Your instructions: Write out all of the records below precisely as given, omitting the images.

━━━━━━━━━━━━━━━━━━━━

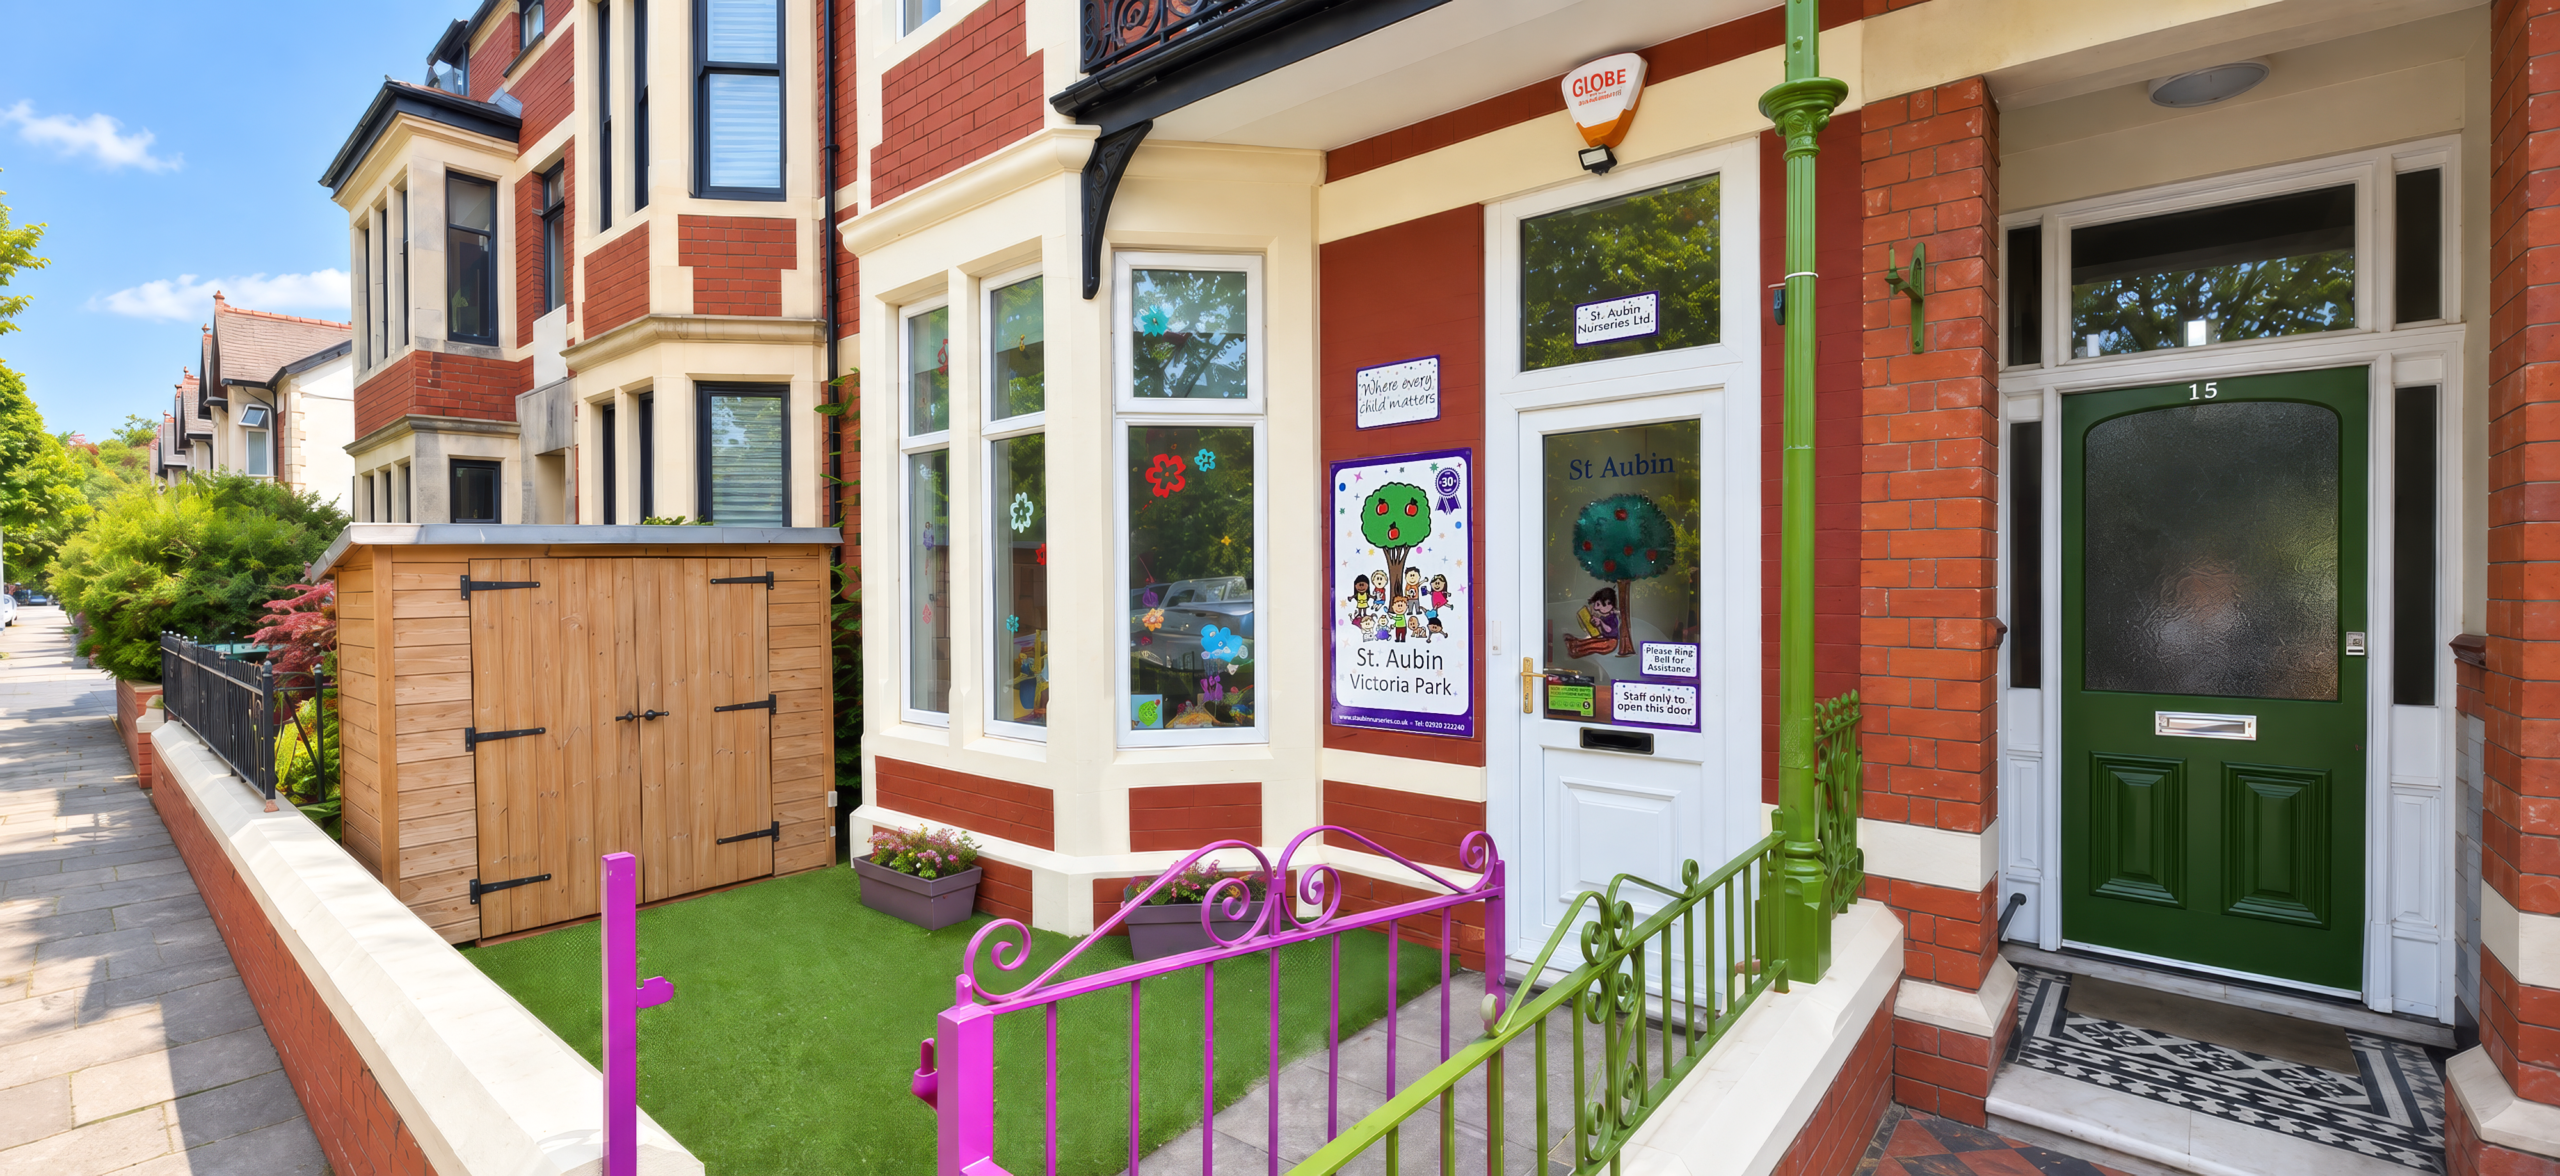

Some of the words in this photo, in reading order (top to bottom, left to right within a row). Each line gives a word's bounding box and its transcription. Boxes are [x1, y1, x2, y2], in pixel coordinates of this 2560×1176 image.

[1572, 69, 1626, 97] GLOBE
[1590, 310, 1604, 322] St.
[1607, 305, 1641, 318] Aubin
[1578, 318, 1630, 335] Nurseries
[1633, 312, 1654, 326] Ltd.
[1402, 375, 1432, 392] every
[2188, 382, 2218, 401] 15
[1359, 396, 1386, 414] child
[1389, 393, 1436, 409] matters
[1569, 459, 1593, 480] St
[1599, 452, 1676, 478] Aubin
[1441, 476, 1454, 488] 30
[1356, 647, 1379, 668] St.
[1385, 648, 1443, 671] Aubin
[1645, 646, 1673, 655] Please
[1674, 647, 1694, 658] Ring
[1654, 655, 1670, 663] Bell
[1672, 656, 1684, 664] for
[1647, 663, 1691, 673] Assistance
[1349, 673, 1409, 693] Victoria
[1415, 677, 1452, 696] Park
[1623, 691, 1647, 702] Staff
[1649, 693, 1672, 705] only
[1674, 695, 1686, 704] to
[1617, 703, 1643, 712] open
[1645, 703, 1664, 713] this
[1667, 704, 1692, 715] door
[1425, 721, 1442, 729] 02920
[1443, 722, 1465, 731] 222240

━━━━━━━━━━━━━━━━━━━━

Output below:
Some of the words in this photo, in reading order (top to bottom, left to right within a row). Each line gives a word's bounding box and its transcription. Boxes are [x1, y1, x2, y2], in pixel coordinates of this 2560×1176 image.

[1572, 69, 1626, 97] GLOBE
[1590, 310, 1604, 322] St.
[1607, 305, 1641, 318] Aubin
[1578, 318, 1630, 335] Nurseries
[1633, 312, 1654, 326] Ltd.
[1402, 375, 1432, 392] every
[2188, 382, 2218, 401] 15
[1359, 396, 1386, 414] child
[1389, 393, 1436, 409] matters
[1569, 459, 1593, 480] St
[1599, 452, 1676, 478] Aubin
[1441, 476, 1454, 488] 30
[1356, 647, 1379, 668] St.
[1385, 648, 1443, 671] Aubin
[1645, 646, 1673, 655] Please
[1674, 647, 1694, 658] Ring
[1654, 655, 1670, 663] Bell
[1672, 656, 1684, 664] for
[1647, 663, 1691, 673] Assistance
[1349, 673, 1409, 693] Victoria
[1415, 677, 1452, 696] Park
[1623, 691, 1647, 702] Staff
[1649, 693, 1672, 705] only
[1674, 695, 1686, 704] to
[1617, 703, 1643, 712] open
[1645, 703, 1664, 713] this
[1667, 704, 1692, 715] door
[1425, 721, 1442, 729] 02920
[1443, 722, 1465, 731] 222240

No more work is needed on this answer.